Era mais velho do que eu, nove anos, um quase adulto, na minha concepção, no entanto me tivera como amiga. Era paciente. Reconhecia-me.
Agora, morto...
A bicicleta que o levava de lá para cá, numa ruidosa alegria, acabou por conduzi-lo ao céu, tão cedo...
Céu? Eu olhava para cima e apenas via a brancura
sem graça das nuvens esparsas. De seu riso engraçado, o silêncio.
Tudo por causa de esfoladinho de nada, do qual tampouco reclamara...
Bicicleta desgraçada! Tapei a boca com a mão para impedir que minha mãe ouvisse meu pensamento.
Ela, que não se dizia supersticiosa, detestava o termo, também a palavra azar. Sempre que alguém os proferia, logo se mostrava preocupada:
- Não fale assim...não é bom.
Quando o soube doente, quis visitá-lo.
-Não pode! – era minha mãe consternada.
- Por quê?
- As visitas estão proibidas.–explica-me paciente- Ele está sensível aos ruídos.

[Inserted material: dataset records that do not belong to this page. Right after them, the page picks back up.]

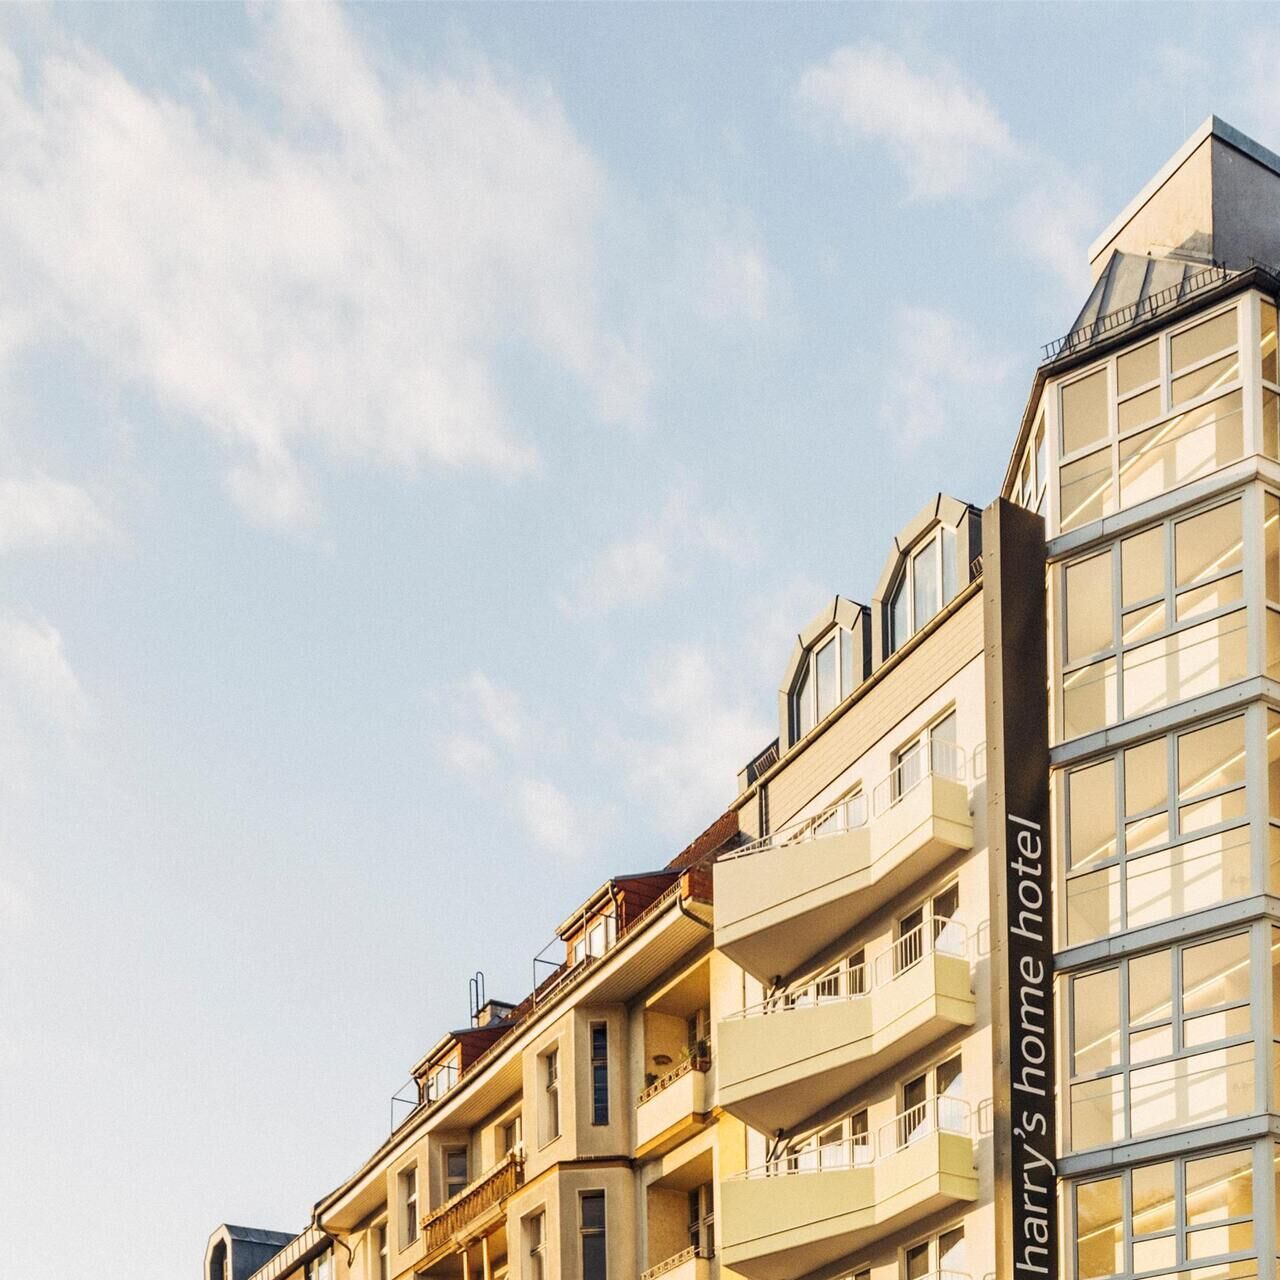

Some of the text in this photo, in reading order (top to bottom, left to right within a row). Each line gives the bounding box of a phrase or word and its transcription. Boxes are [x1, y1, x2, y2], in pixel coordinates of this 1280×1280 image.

[1008, 814, 1056, 1274] harry's home hotel
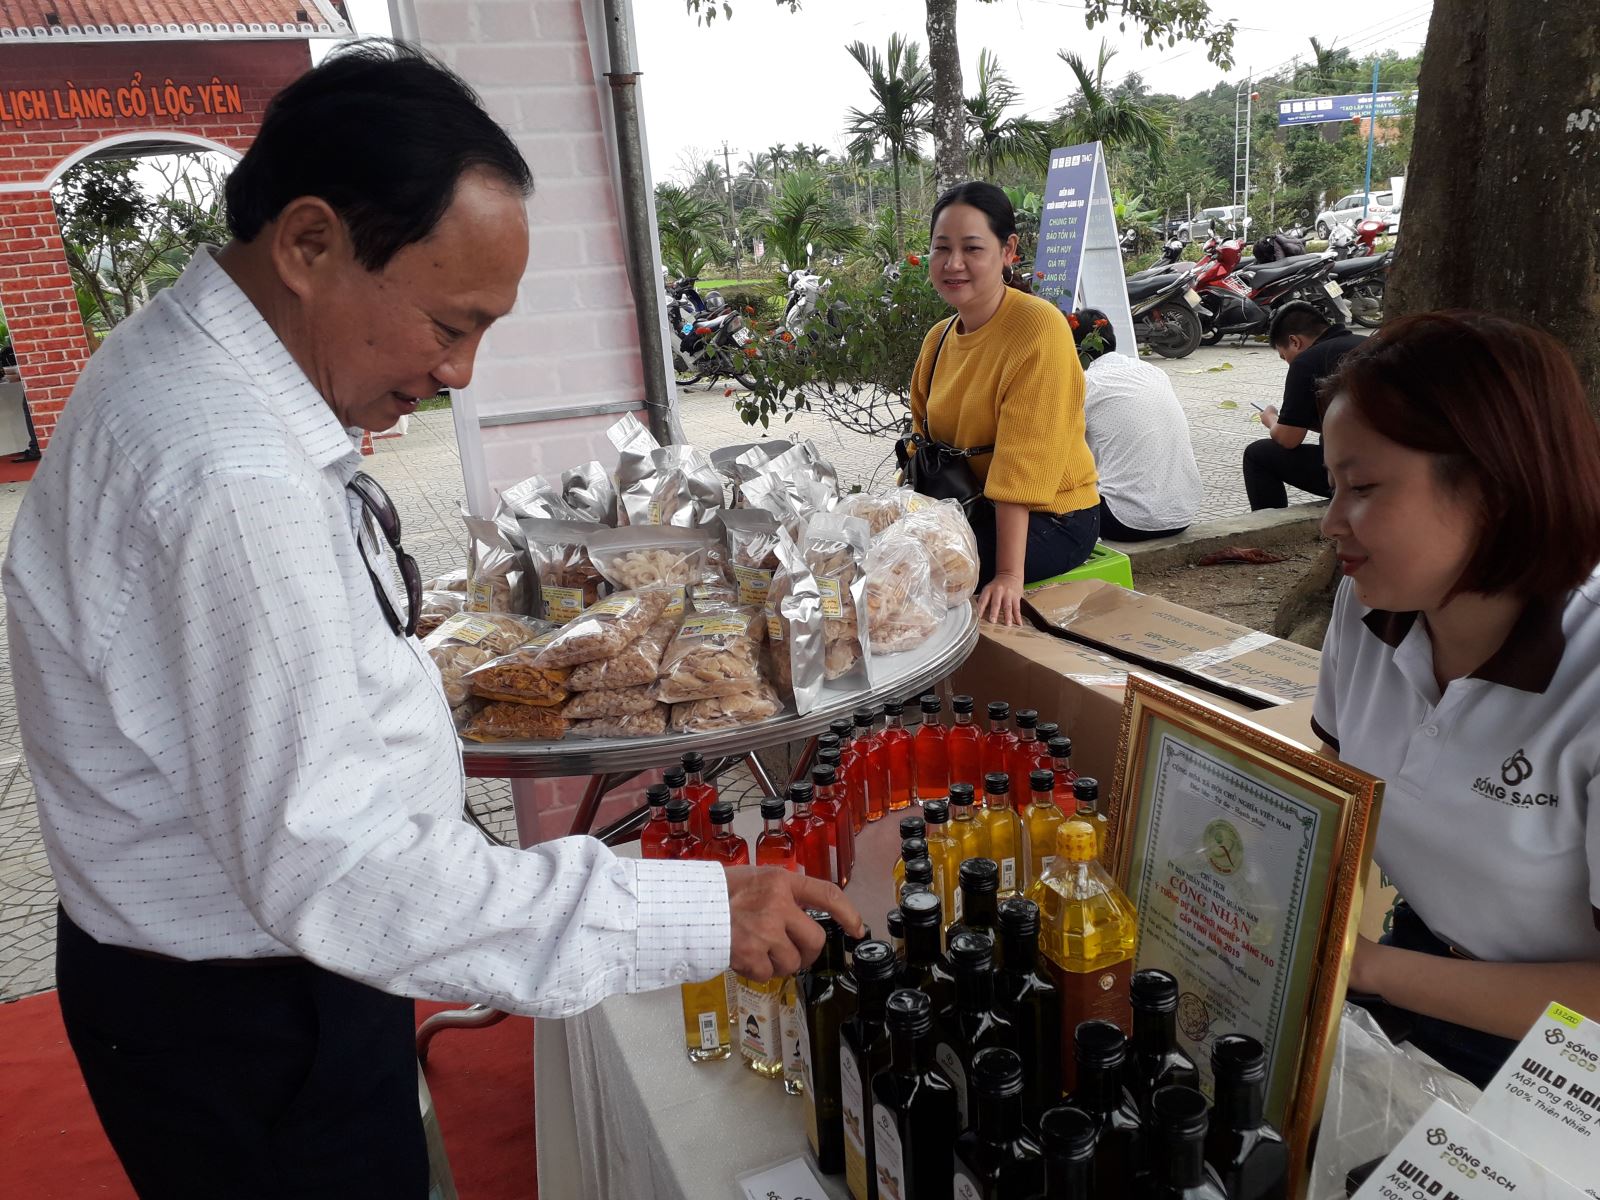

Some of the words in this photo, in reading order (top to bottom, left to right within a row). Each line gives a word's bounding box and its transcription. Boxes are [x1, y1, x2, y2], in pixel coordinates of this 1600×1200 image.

[53, 80, 114, 120] LÀNG
[117, 71, 147, 118] CỔ
[151, 78, 194, 121] LỘC
[198, 76, 243, 114] YÊN
[1276, 818, 1292, 831] NAM
[1169, 875, 1207, 908] CÔNG
[1210, 900, 1252, 937] NHẬN
[1223, 942, 1240, 959] 2019
[1521, 1057, 1568, 1090] WILD
[1560, 1048, 1597, 1073] FOOD
[1505, 1083, 1534, 1103] 100%
[1534, 1099, 1560, 1119] Thiên
[1561, 1116, 1592, 1137] Nhiên
[1537, 1085, 1562, 1104] Ong
[1563, 1099, 1592, 1123] Rừng
[1396, 1159, 1443, 1197] WILD
[1440, 1151, 1478, 1180] FOOD
[1481, 1165, 1517, 1192] SẠCH

Todo e qualquer barulho faz com que sofra de susto e tremores, convulsões. A febre é alta, está com tétano!
Tétano...eu repetia baixinho...soletrava devagarzinho: té-ta-no... nunca antes ouvira aquela palavra.

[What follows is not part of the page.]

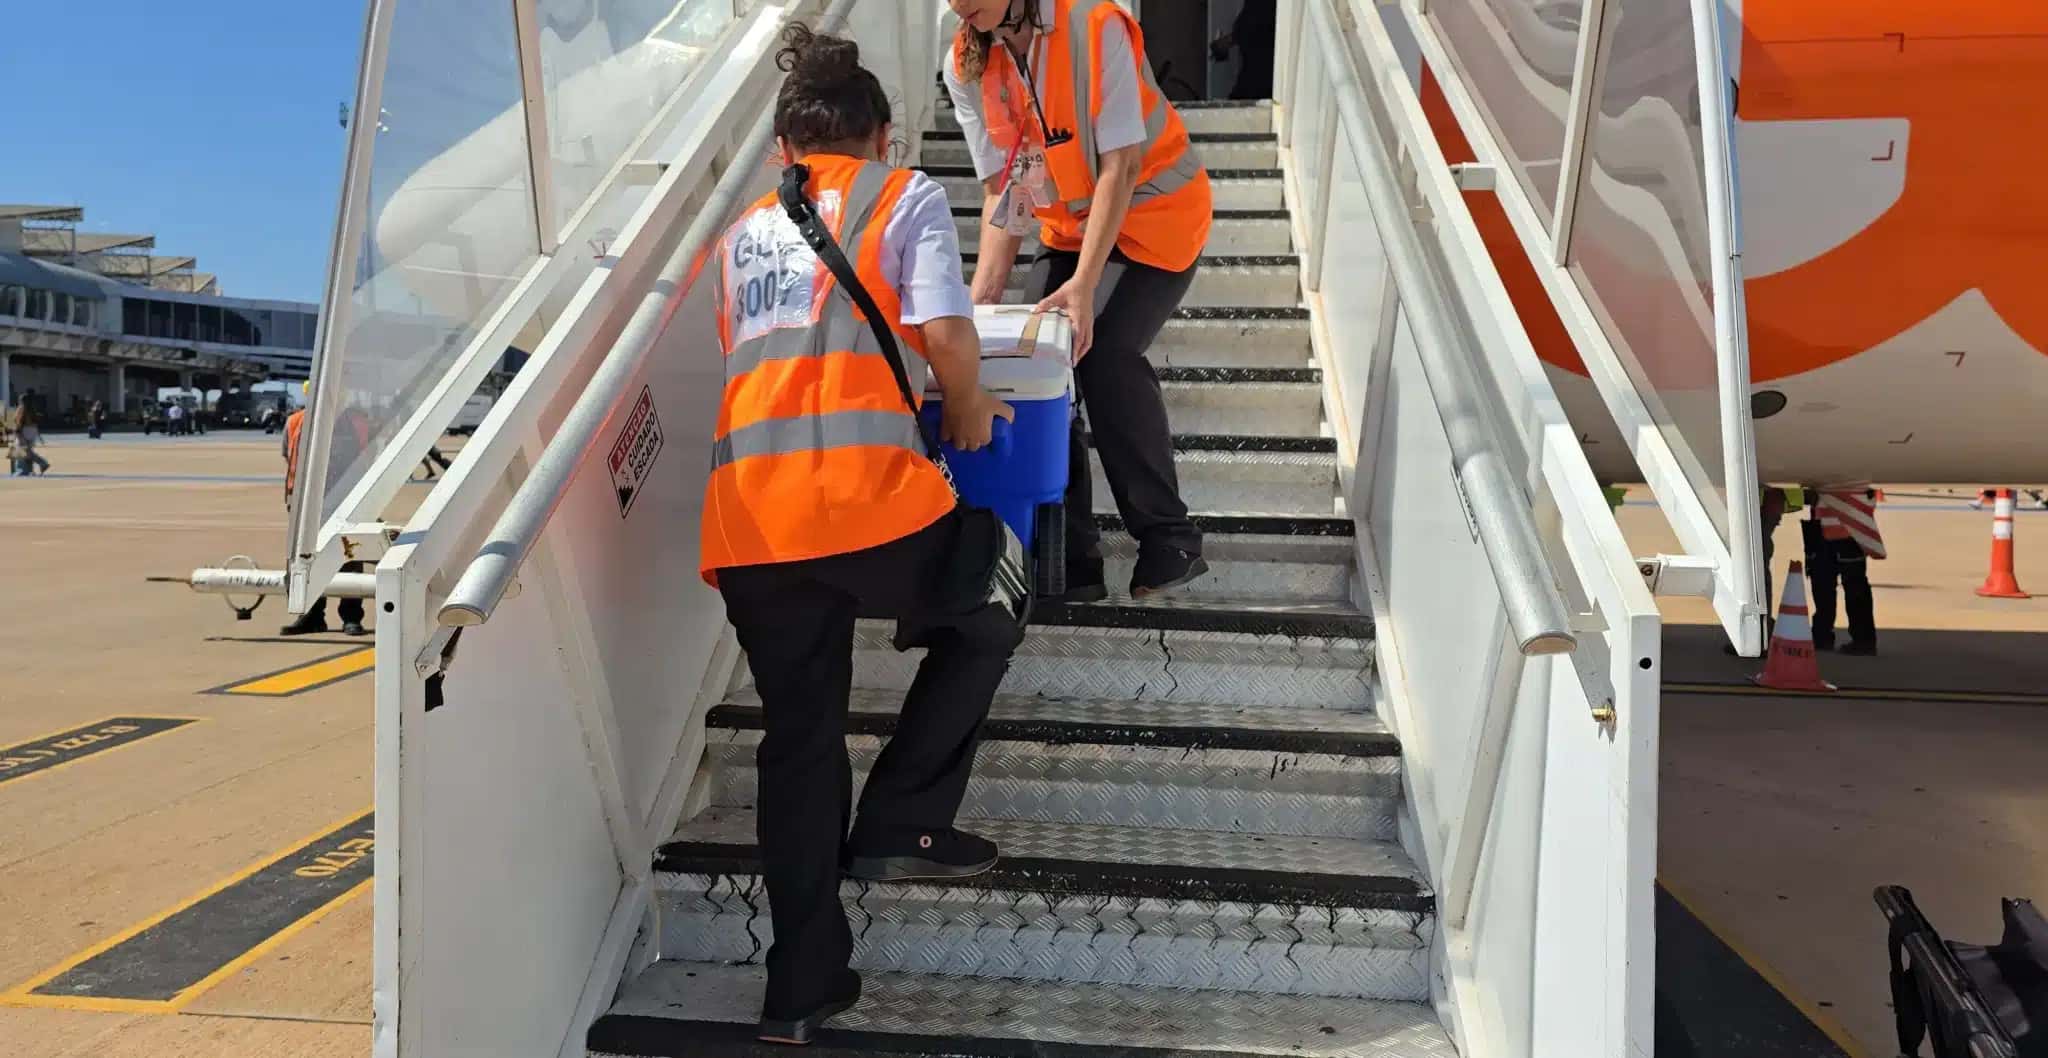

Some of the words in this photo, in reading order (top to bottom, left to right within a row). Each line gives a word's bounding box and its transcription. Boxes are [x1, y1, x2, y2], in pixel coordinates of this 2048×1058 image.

[736, 268, 802, 323] 3007
[628, 411, 656, 467] CUIDADO
[633, 430, 660, 483] ESCADA

Quisera eu naquela hora emudecer os cães, aquietar os sussurros do vento, parar a andança dos carros e toda a movimentação que -com os aus, os vruns, os buns -aumentasse os ais do amigo.

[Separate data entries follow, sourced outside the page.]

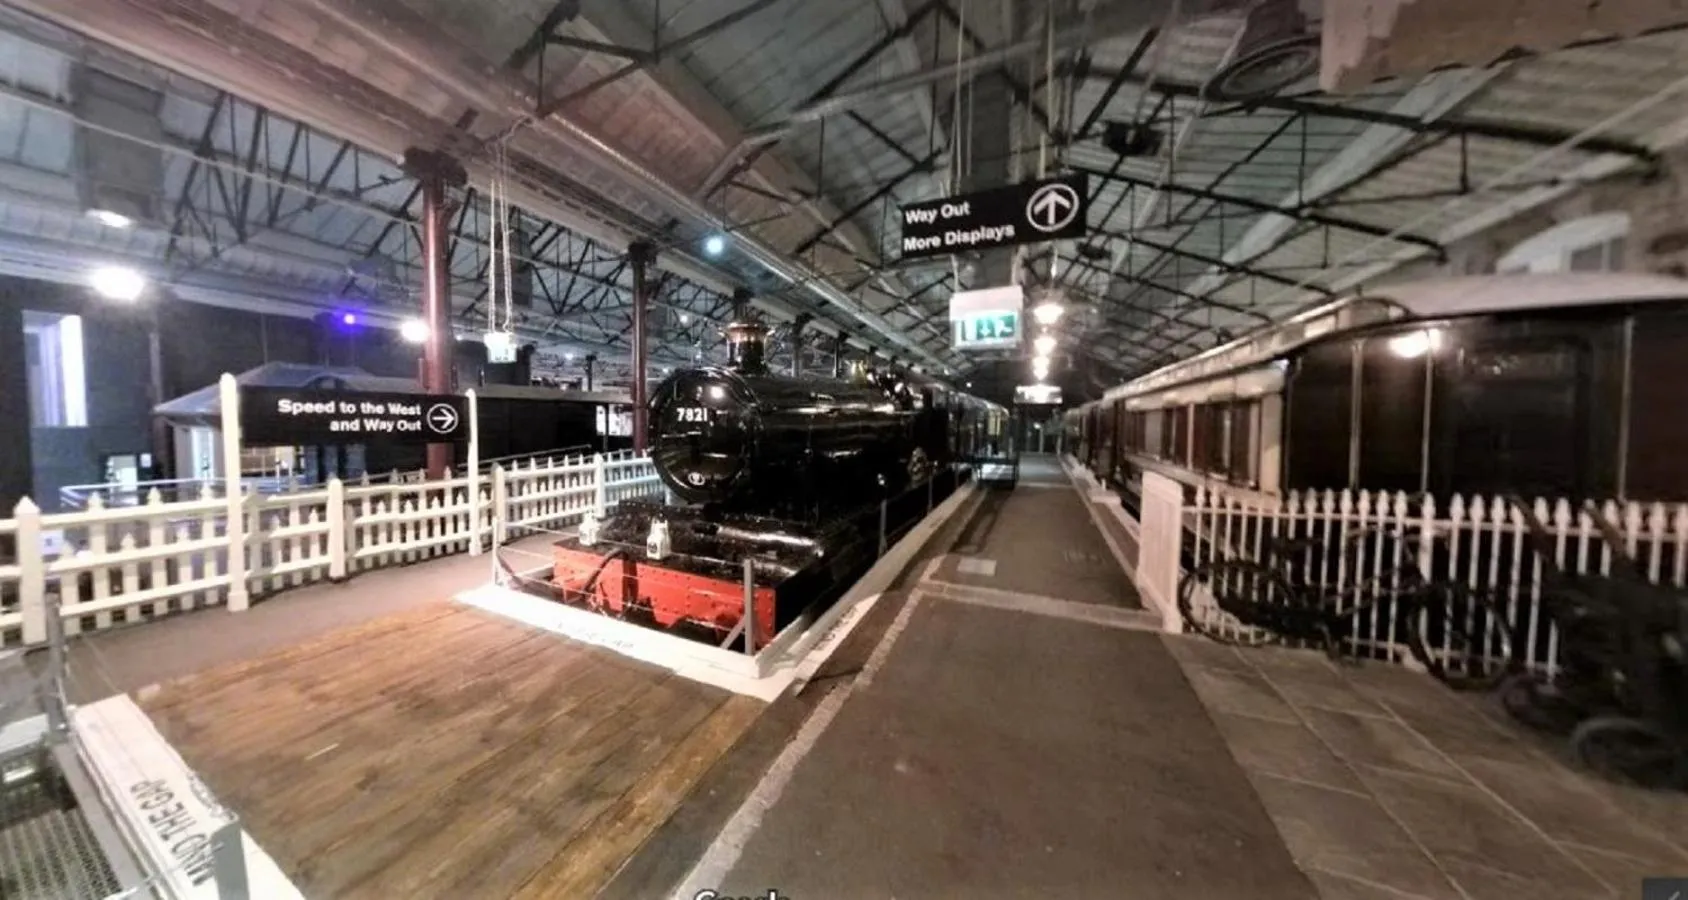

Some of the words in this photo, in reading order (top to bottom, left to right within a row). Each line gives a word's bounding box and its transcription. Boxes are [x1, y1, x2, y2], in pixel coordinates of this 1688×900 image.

[905, 208, 938, 224] Way
[940, 202, 971, 219] Out
[903, 235, 942, 252] More
[944, 224, 1016, 246] Displays
[277, 398, 336, 416] Speed
[339, 402, 356, 414] to
[360, 402, 385, 414] the
[388, 403, 422, 416] West
[676, 407, 708, 422] 7821
[330, 419, 360, 432] and
[363, 418, 394, 433] Way
[397, 419, 422, 432] Out
[130, 779, 174, 811] GAP
[148, 802, 198, 841] THE

Ele não podia sofrer. Precisava sarar e logo.
Eu tinha pressa e certa estava de que ele também.
Agora, morto...
A idéia do nunca mais me desalentava. Sentia-me zonza, fraca.
E eu sempre tão lacrimejante não conseguia rolar os pingos que lavassem aquele sentimento estranho e infeliz.
A dor do corpo eu conhecera nas constantes crises de bronquite. Sem falar dos pontos que levei no pé, a seco, nada de anestesia. O médico que me socorreu era legista...fez o que pôde...
Naquele dia eu inaugurava, com toda intensidade, a dor da alma.
Descobria a temperatura do medo. E a cor da aflição. Soube que a impotência do homem não permite que ele conduza nem o próprio destino.
Minhas verdades assumiram o antes e o depois.
Não mais consegui viver sem estar sob a mira da preocupação.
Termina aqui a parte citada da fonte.